As to the second prong of the plain error rule, neither can we say that the alleged error was so fundamental as to deny the accused a fair trial. Accordingly we reject defendant’s argument on the merits. An accused has a constitutional right not to testify as a witness in his own behalf (Griffin v. California (1965), 380 U.S. 609, 14 L. Ed. 2d 106, 85 S. Ct. 1229; Herrett, 137 Ill. 2d at 210, 561 N.E.2d at 8), and the prosecutor is forbidden to make direct or indirect comment on the exercise of that right. (Griffin, 380 U.S. 609, 14 L. Ed. 2d 106, 85 S. Ct. 1229; Herrett, 137 Ill. 2d at 210-11, 561 N.E.2d at 8; see also Ill. Rev. Stat. 1989, ch. 38, par. 155 — 1 (prohibiting comment on criminal defendant’s failure to testify).) The prosecution may, however, describe the State’s evidence as uncontradicted even if defendant is the only one who could have contradicted it, if the comments are not intended or calculated to direct the jury’s attention to defendant’s failure to testify. (Herrett, 137 Ill. 2d at 211, 561 N.E.2d at 8.) A reviewing court must examine the prosecutor’s remarks in the context of the entire proceeding, to determine whether the challenged remarks were improper comments on the accused’s failure to testify. (Herrett, 137 Ill. 2d at 211, 561 N.E.2d at 8.) Here, the prosecutor’s comments only referred to the lack of corroboration for Michelle’s claim that *1087defendant was with her at the time Gartrell purchased the cocaine. The prosecutor is not restricted from commenting on the lack of corroboration for defendant’s witnesses, especially where evidence may have been available from witnesses other than defendant. (Herrett, 137 Ill. 2d at 211, 561 N.E.2d at 8.) The prosecutor’s comments did not necessarily direct the jury’s attention to defendant’s failure to testify and, hence, were not improper. The prosecutor’s statements were not improper so as to constitute reversible error and do not come under any exception to the Rule 615(a) waiver rule.

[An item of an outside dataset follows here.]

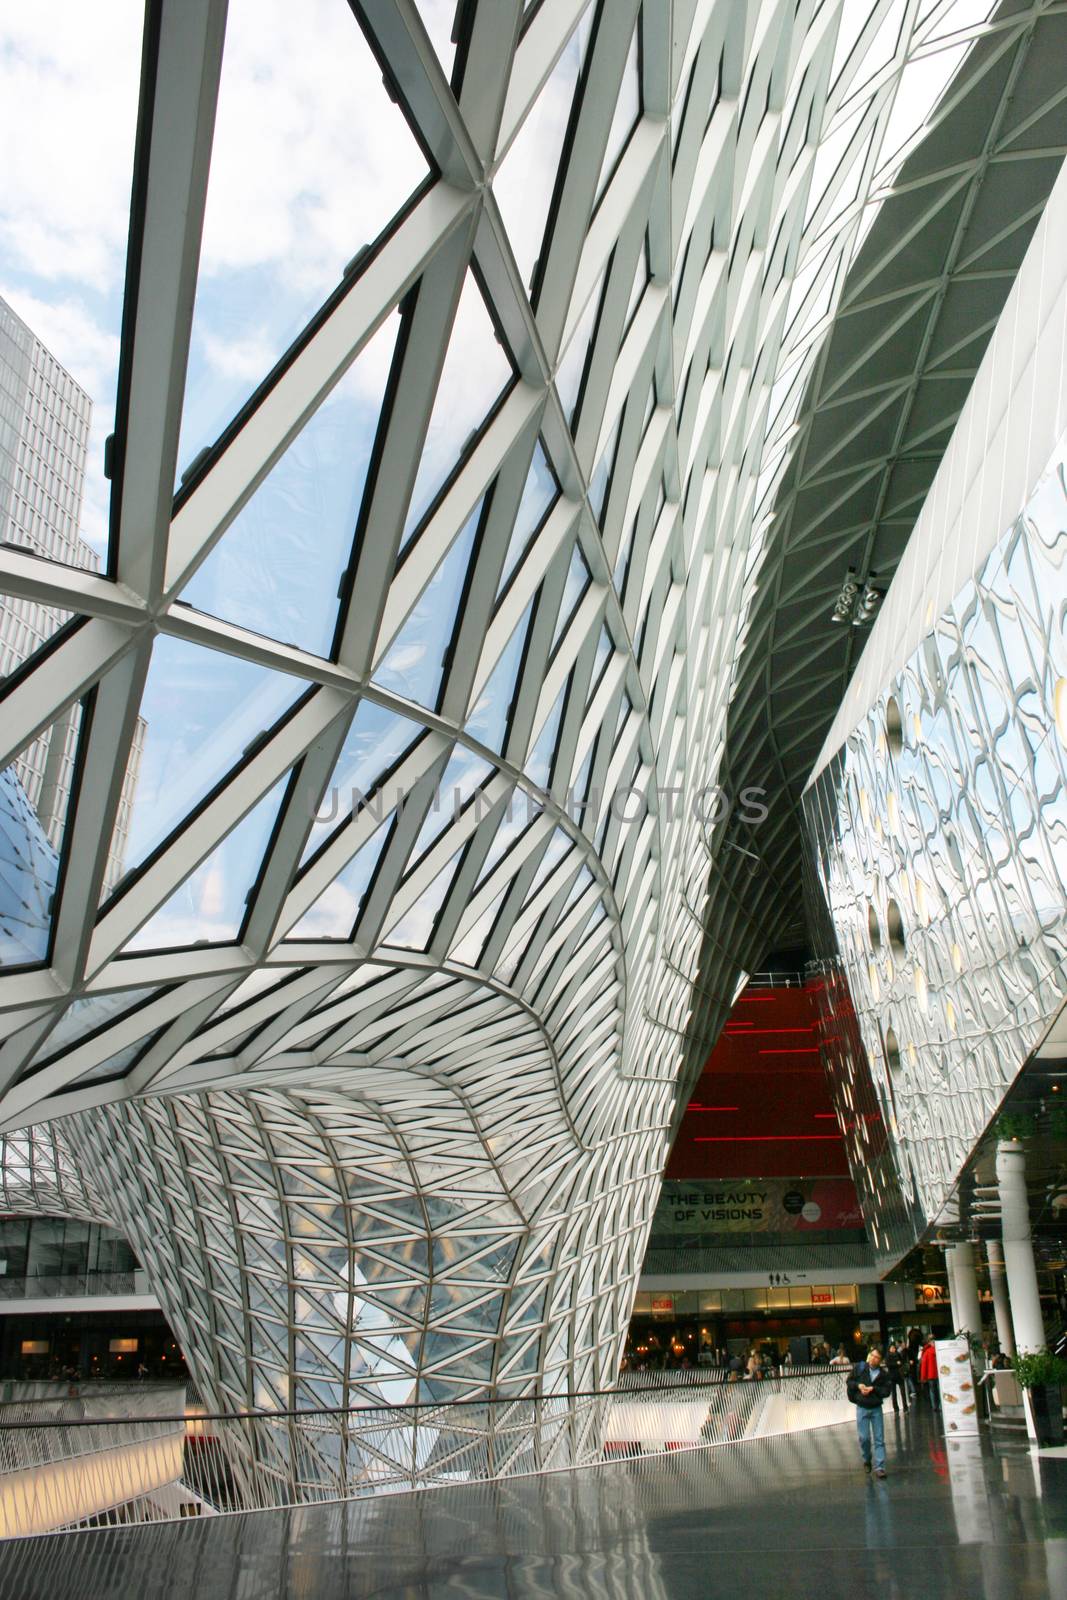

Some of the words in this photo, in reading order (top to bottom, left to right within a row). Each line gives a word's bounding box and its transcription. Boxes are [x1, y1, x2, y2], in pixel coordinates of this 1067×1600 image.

[667, 1193, 698, 1206] THE
[703, 1192, 767, 1206] BEAUTY
[674, 1209, 697, 1222] OF
[701, 1208, 763, 1221] VISIONS

Defendant also contends that the trial court abused its discretion by imposing a consecutive sentence. He contends the trial court did not explain why it was imposing consecutive sentences and the record does not show it was necessary to protect the public. In specific types of cases, the Unified Code of Corrections (Code) (Ill. Rev. Stat. 1989, ch. 38, par. 1001 — 1—1 et seq.) mandates that trial courts impose consecutive sentences (People v. Carter (1992), 232 Ill. App. 3d 905, 905); in other cases consecutive sentences are permissive (Ill. Rev. Stat. 1989, ch. 38, par. 1005 — 8—4(a)). Where the trial court is authorized but not mandated to impose consecutive sentences, the court has the discretion to impose a consecutive sentence if:

“having regard to the nature and circumstances of the offense and the history and character of the defendant, it is of the opinion that such a term is required to protect the public from further criminal conduct by the defendant, the basis for which the court shall set forth in the record.” (Ill. Rev. Stat. 1989, ch. 38, par. 1005-8-4(b).)

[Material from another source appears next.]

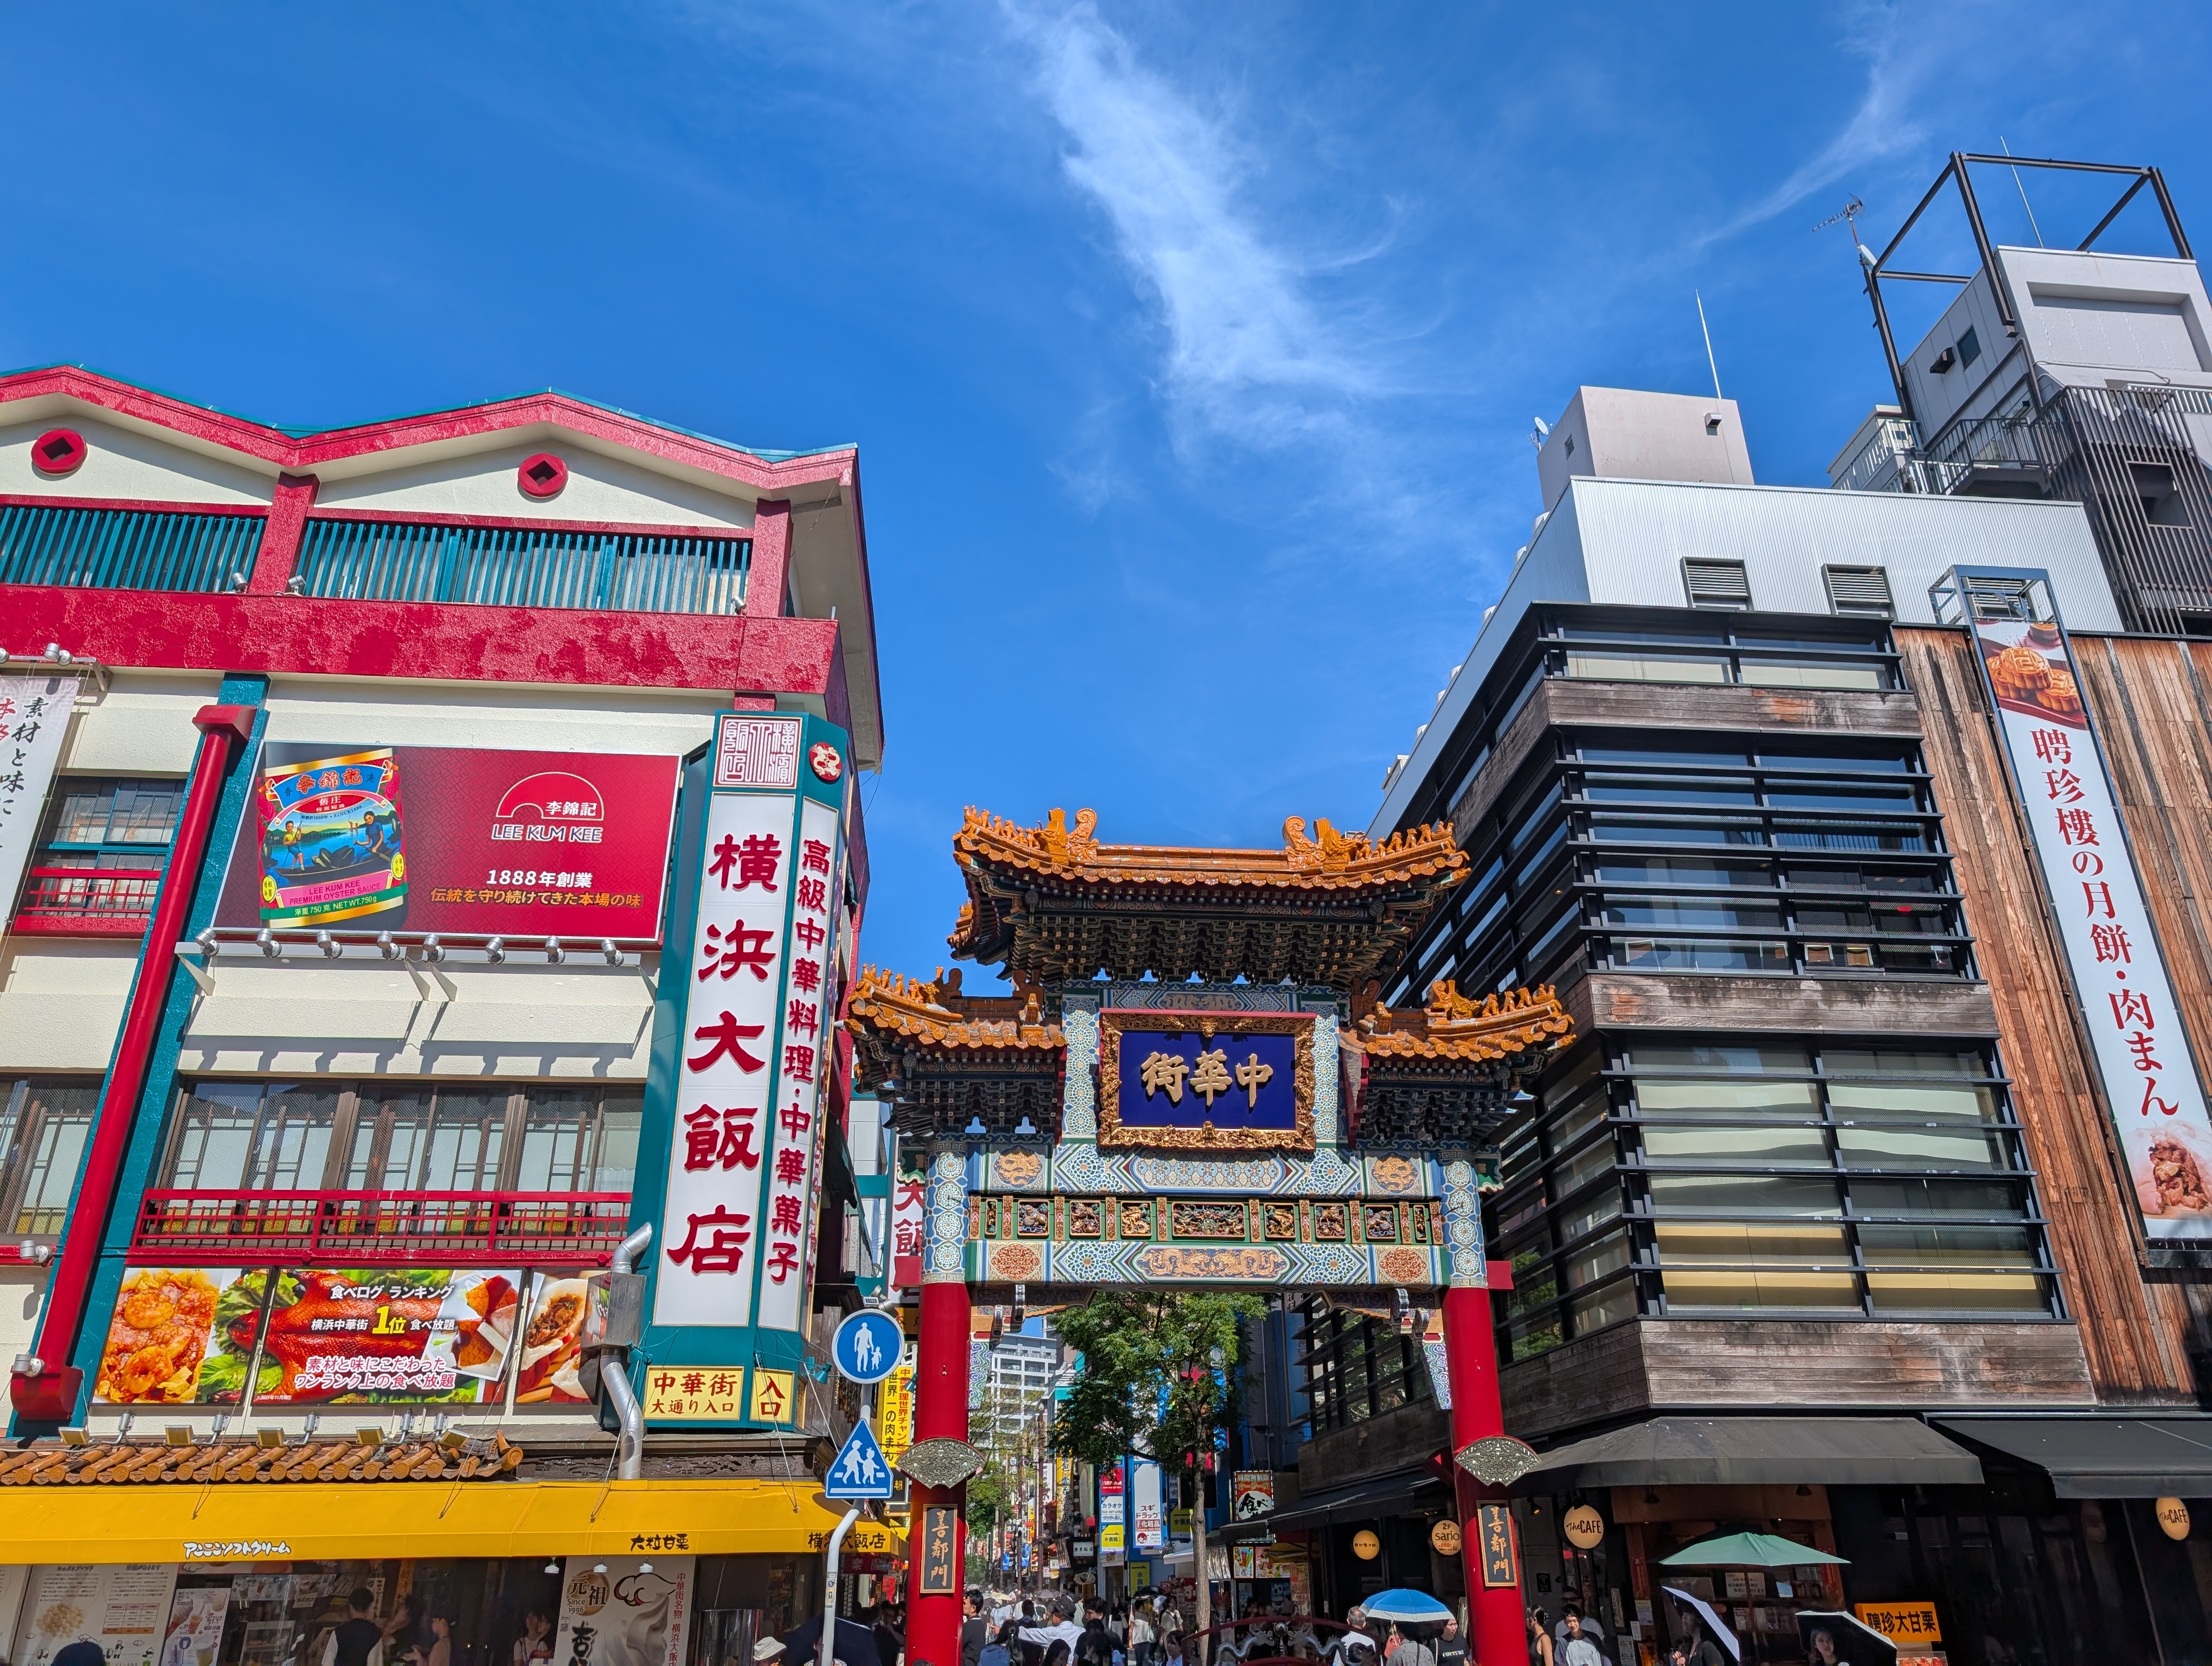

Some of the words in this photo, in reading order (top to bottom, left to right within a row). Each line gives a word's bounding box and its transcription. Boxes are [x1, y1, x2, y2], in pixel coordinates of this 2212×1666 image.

In sentencing defendant, the trial judge stated:

“I am not going to sentence you to the minimum sentence in this particular case, because this is similar to the offense of which you were convicted of in the early part of 1990. I am going to sentence you to the Department of Corrections for a period of eight (8) years, and this shall be consecutive to the sentence which was imposed in [case No.] 90 — CF—8.”

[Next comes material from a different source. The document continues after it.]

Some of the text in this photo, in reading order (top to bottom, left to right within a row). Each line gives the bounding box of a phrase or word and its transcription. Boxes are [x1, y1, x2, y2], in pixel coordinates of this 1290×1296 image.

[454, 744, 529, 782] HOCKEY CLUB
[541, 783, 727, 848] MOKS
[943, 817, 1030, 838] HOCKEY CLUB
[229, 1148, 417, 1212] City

When a defendant does not request a specific finding, or does not otherwise complain that a basis for the required finding was not articulated, the issue may be deemed waived. (People v. Hicks (1984), 101 Ill. 2d 366, 374-75, 462 N.E.2d 473, 476.) Even though a court need not articulate a precise sentencing rationale in the words of section 5 — 8—4(b) of the Code, it must at least appear from the record that the court believed consecutive sentences were necessary to protect the public. (Hicks, 101 Ill. 2d at 375, 462 N.E.2d at 477; People v. Dorosz (1991), 217 Ill. App. 3d 1016, 1022, 578 N.E.2d 67, 70; People *1088 v. Lowry (1992), 231 Ill. App. 3d 788, 796.) The mere fact that a trial court imposed consecutive sentences does not in and of itself warrant a conclusion that the court believed consecutive sentences were necessary to protect the public. (Hicks, 101 Ill. 2d at 374-75, 462 N.E.2d at 477; Dorosz, 217 Ill. App. 3d at 1022, 578 N.E.2d at 70.) Here, the record does not support a conclusion the court believed consecutive sentences were necessary to protect the public, and — because we cannot say the sentencing court believed consecutive sentences were necessary to protect the public — we remand for resentencing. Nothing we say would prevent a consecutive sentence on remand. A different situation was presented in People v. Anderson (1991), 211 Ill. App. 3d 140, 142-43, 569 N.E.2d 1178, 1181. In Anderson a different subsection (Ill. Rev. Stat. 1989, ch. 38, par. 1005 — 8—4(i)) mandated, or at least “specifically authorize[d],” consecutive sentences. Anderson, 211 Ill. App. 3d at 143, 569 N.E.2d at 1181.

For the reasons stated, we uphold defendant’s conviction in the circuit court of Macon County and remand the case for resentencing.

Conviction affirmed and remanded for resentencing.

McCULLOUGH and LUND, JJ., concur.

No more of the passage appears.